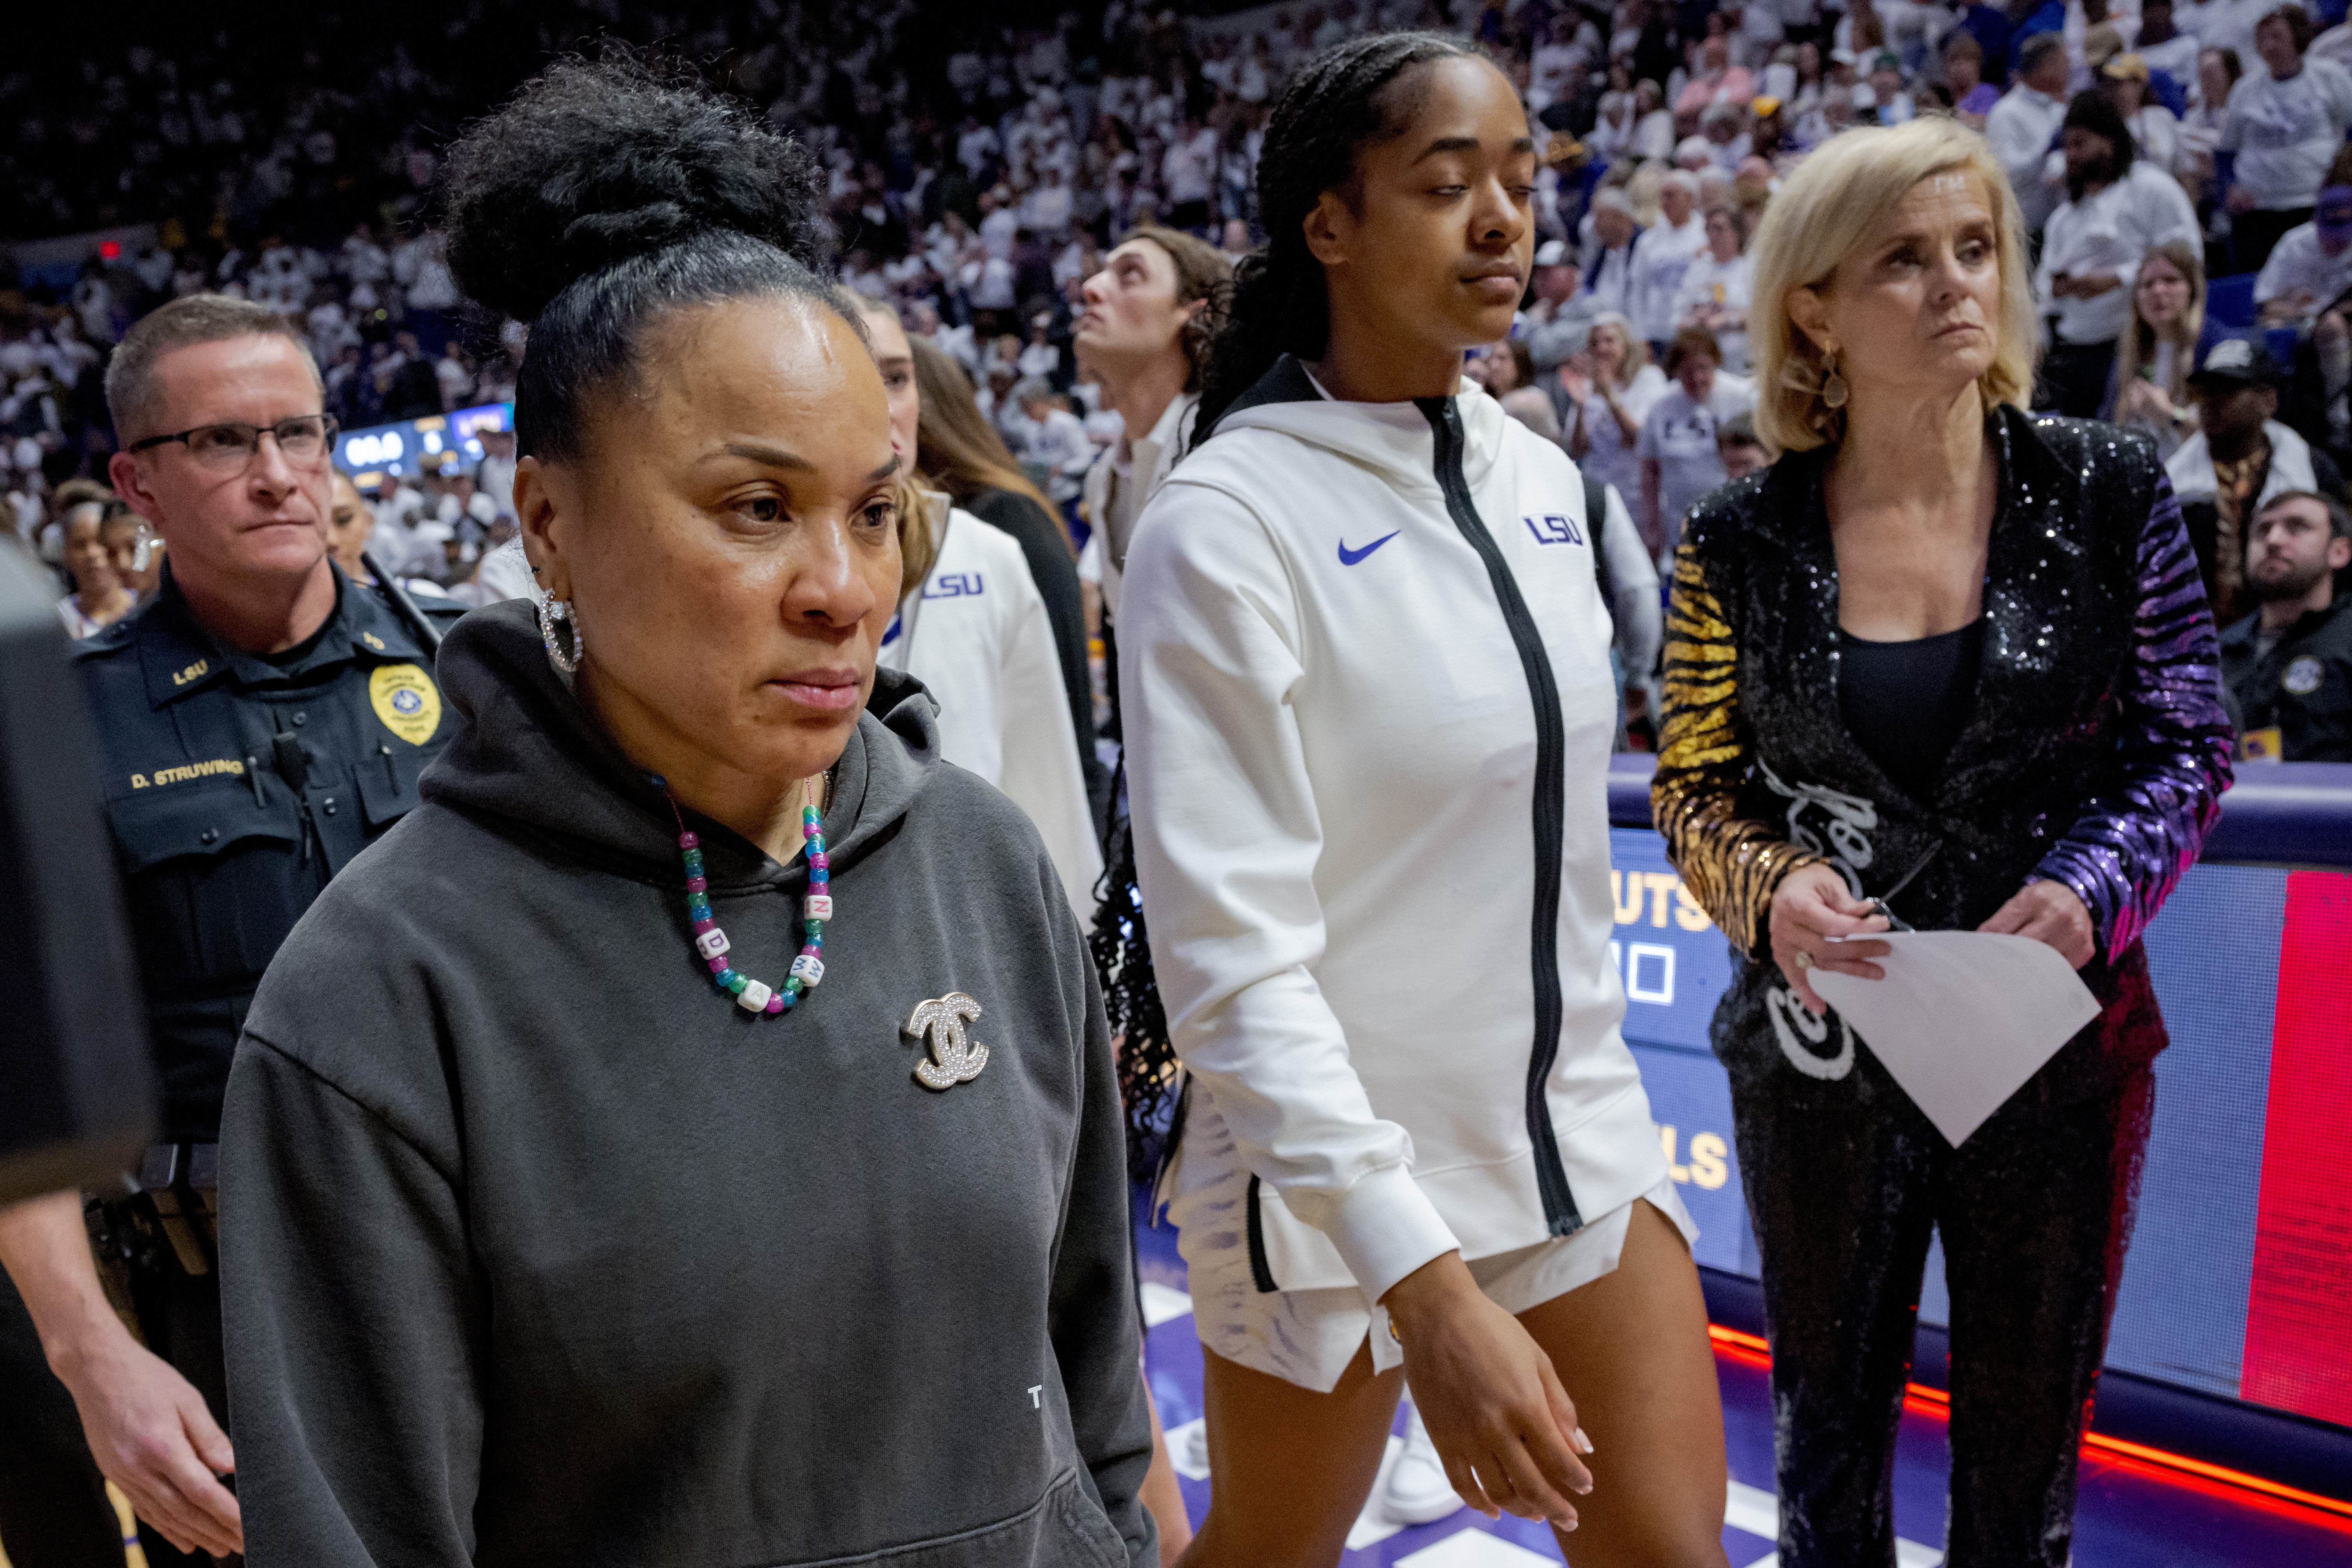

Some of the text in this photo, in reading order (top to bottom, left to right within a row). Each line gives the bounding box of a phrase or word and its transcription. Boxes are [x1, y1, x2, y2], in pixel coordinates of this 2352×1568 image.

[1523, 516, 1584, 546] LSU
[173, 658, 208, 686] LSU
[131, 759, 244, 789] D. STRUWING
[1027, 1384, 1042, 1410] T
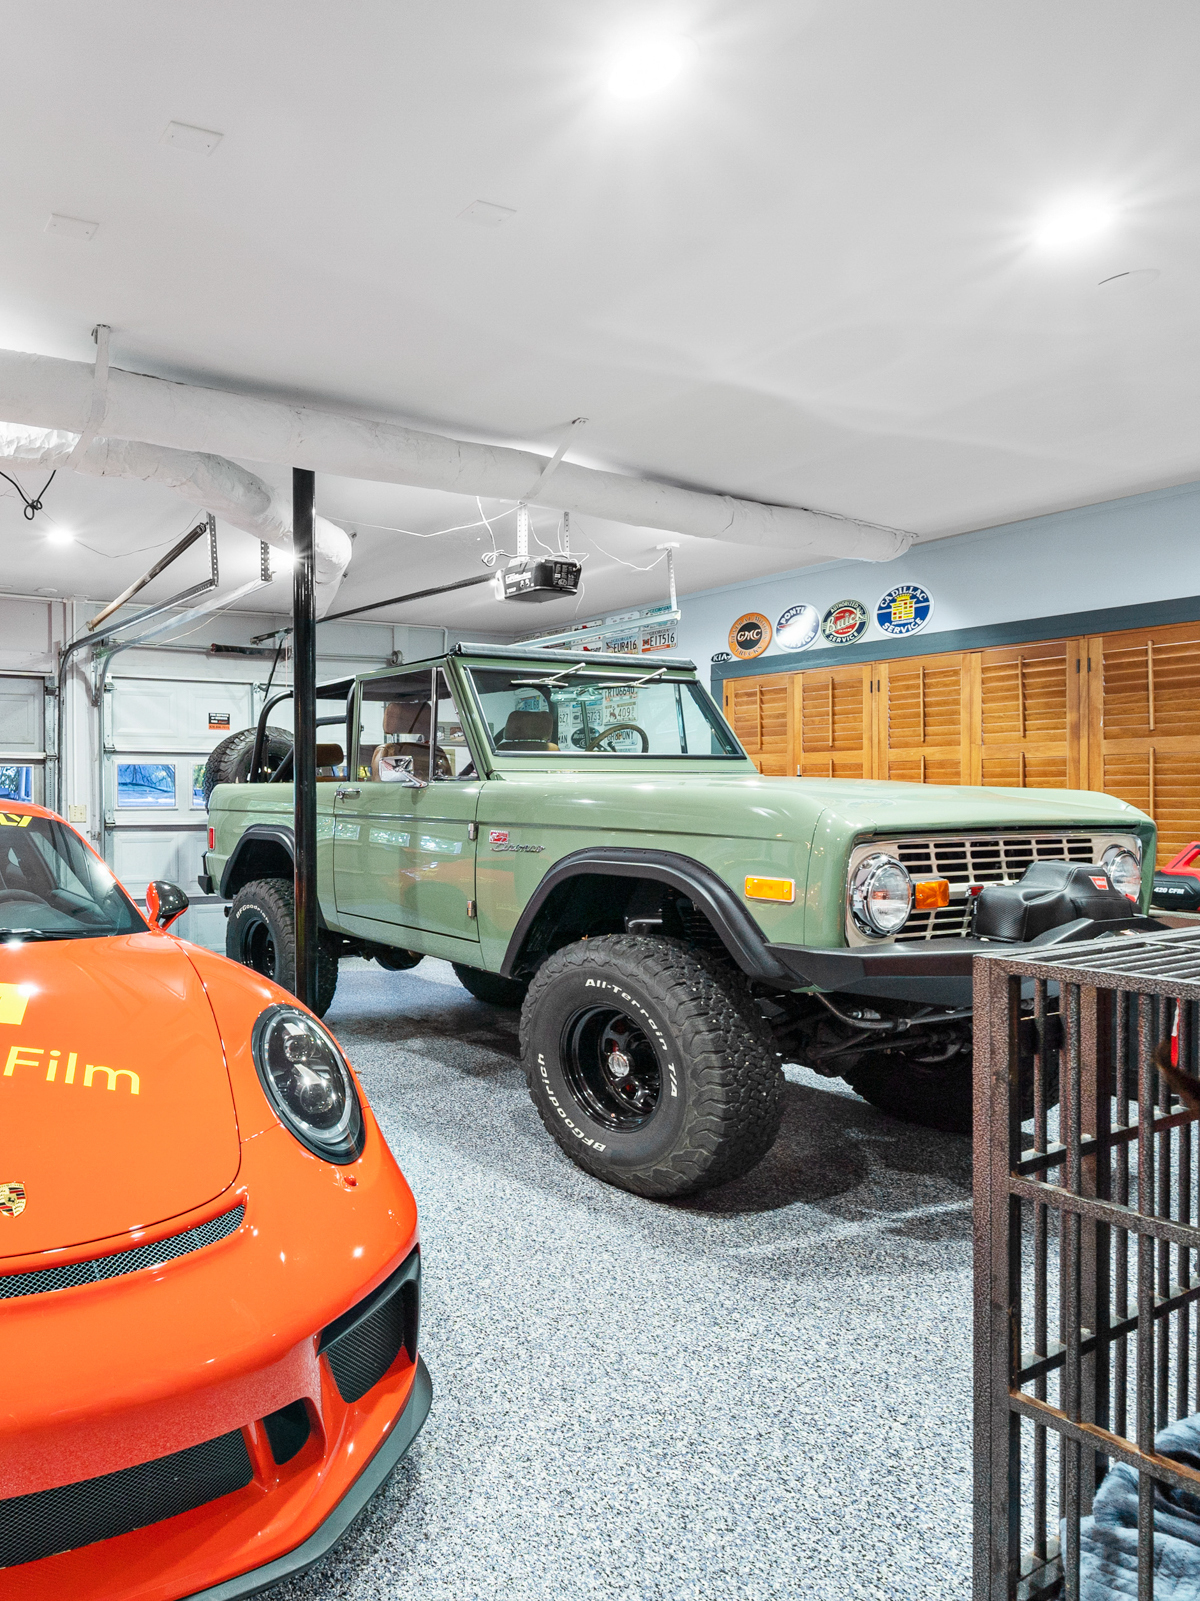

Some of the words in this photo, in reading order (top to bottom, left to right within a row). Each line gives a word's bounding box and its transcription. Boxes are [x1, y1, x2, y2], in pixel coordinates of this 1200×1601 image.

[880, 586, 927, 607] CADILLAC
[780, 606, 806, 624] PONTI
[831, 601, 859, 613] AUTHORIZED
[730, 616, 751, 643] GENERAL
[825, 608, 865, 635] Buick
[882, 617, 924, 634] SERVICE
[737, 629, 761, 641] GMC
[829, 632, 858, 643] SERVICE
[712, 653, 729, 662] KIA
[734, 646, 762, 657] TRUCKS
[618, 705, 631, 719] 409
[584, 977, 668, 1051] All-Terrain
[667, 1062, 679, 1098] T/A
[3, 1045, 140, 1095] Film
[537, 1052, 607, 1153] BFGoodrich
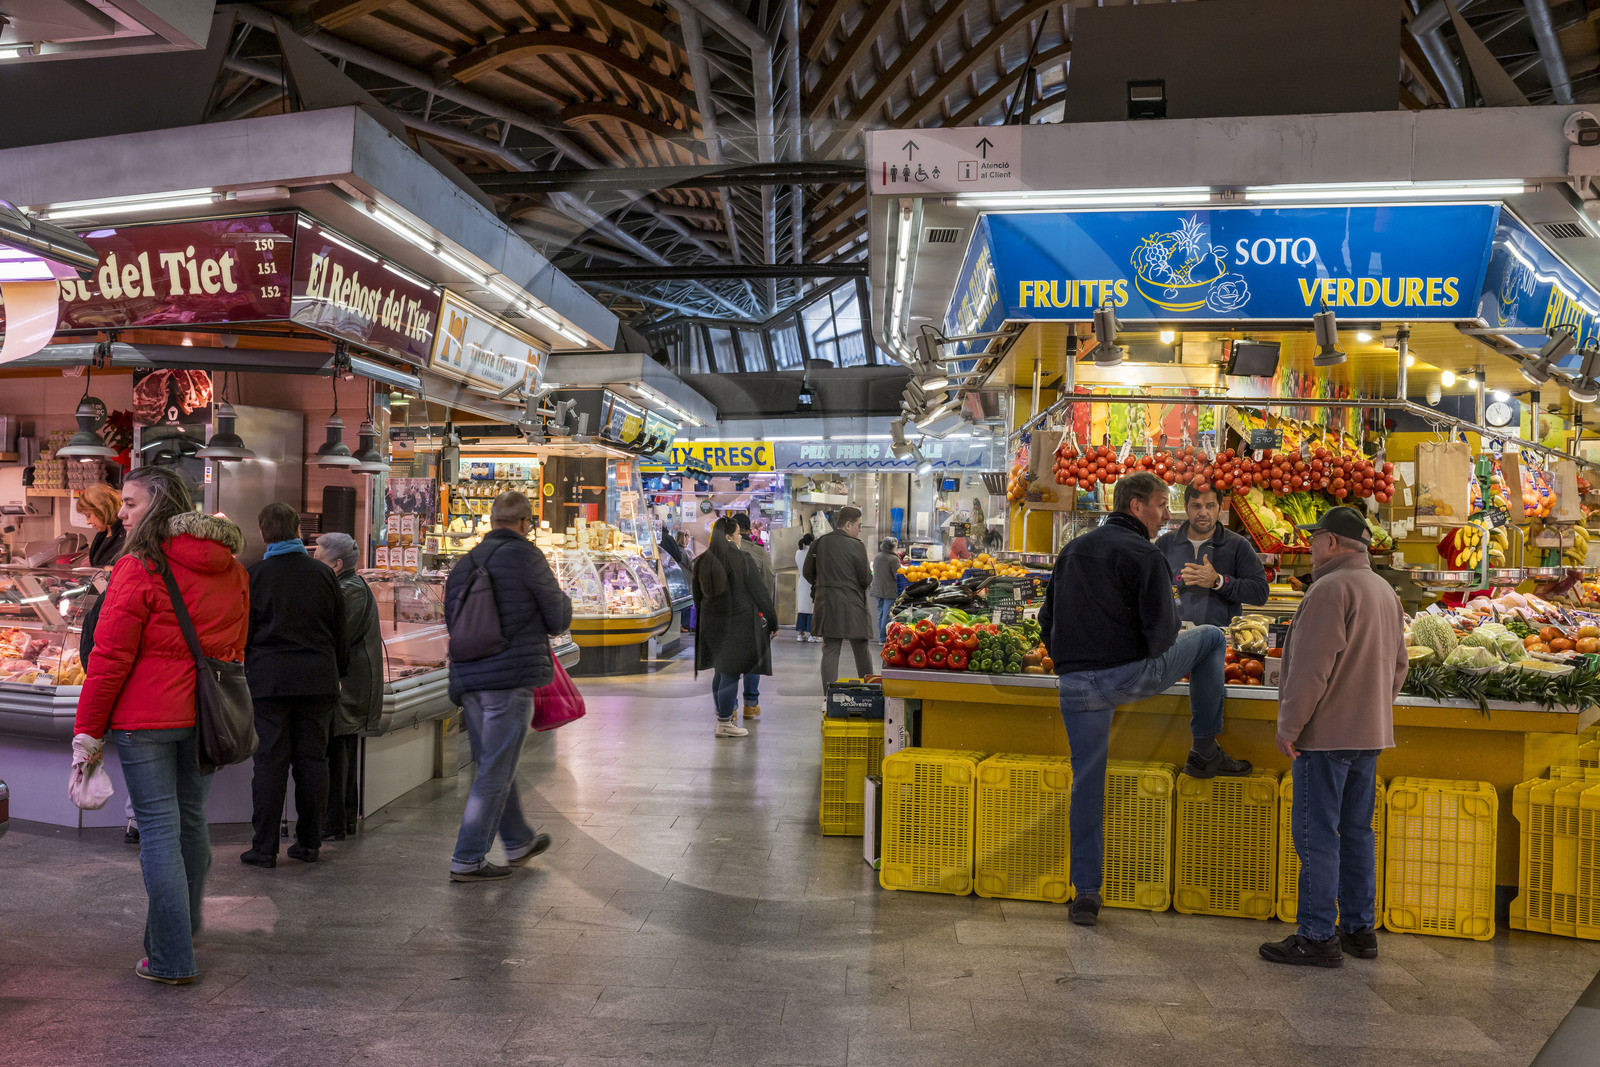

■ Assigned task:
All of the material goes into the answer exactly as it stands, except for the pictures.

■ Answer to this task:
Some of the text in this photo, in reading order (top to bottom, left to right within a row). Each line gives the bounding box of a phrase or word and its transcription. Boxes are [x1, y1, x2, y2], in pixel coordinates of this 2352×1568 image.

[1523, 516, 1584, 546] LSU
[173, 658, 208, 686] LSU
[131, 759, 244, 789] D. STRUWING
[1027, 1384, 1042, 1410] T

Some of the words in this photo, in reading order (top to bottom, left to right within a row). Each line gives a word's bounding box and its transcription. Boxes are [x1, y1, x2, y2], in pixel coordinates of this 1200×1601 image.

[880, 586, 927, 607] CADILLAC
[780, 606, 806, 624] PONTI
[831, 601, 859, 613] AUTHORIZED
[730, 616, 751, 643] GENERAL
[825, 608, 865, 635] Buick
[882, 617, 924, 634] SERVICE
[737, 629, 761, 641] GMC
[829, 632, 858, 643] SERVICE
[712, 653, 729, 662] KIA
[734, 646, 762, 657] TRUCKS
[618, 705, 631, 719] 409
[584, 977, 668, 1051] All-Terrain
[667, 1062, 679, 1098] T/A
[3, 1045, 140, 1095] Film
[537, 1052, 607, 1153] BFGoodrich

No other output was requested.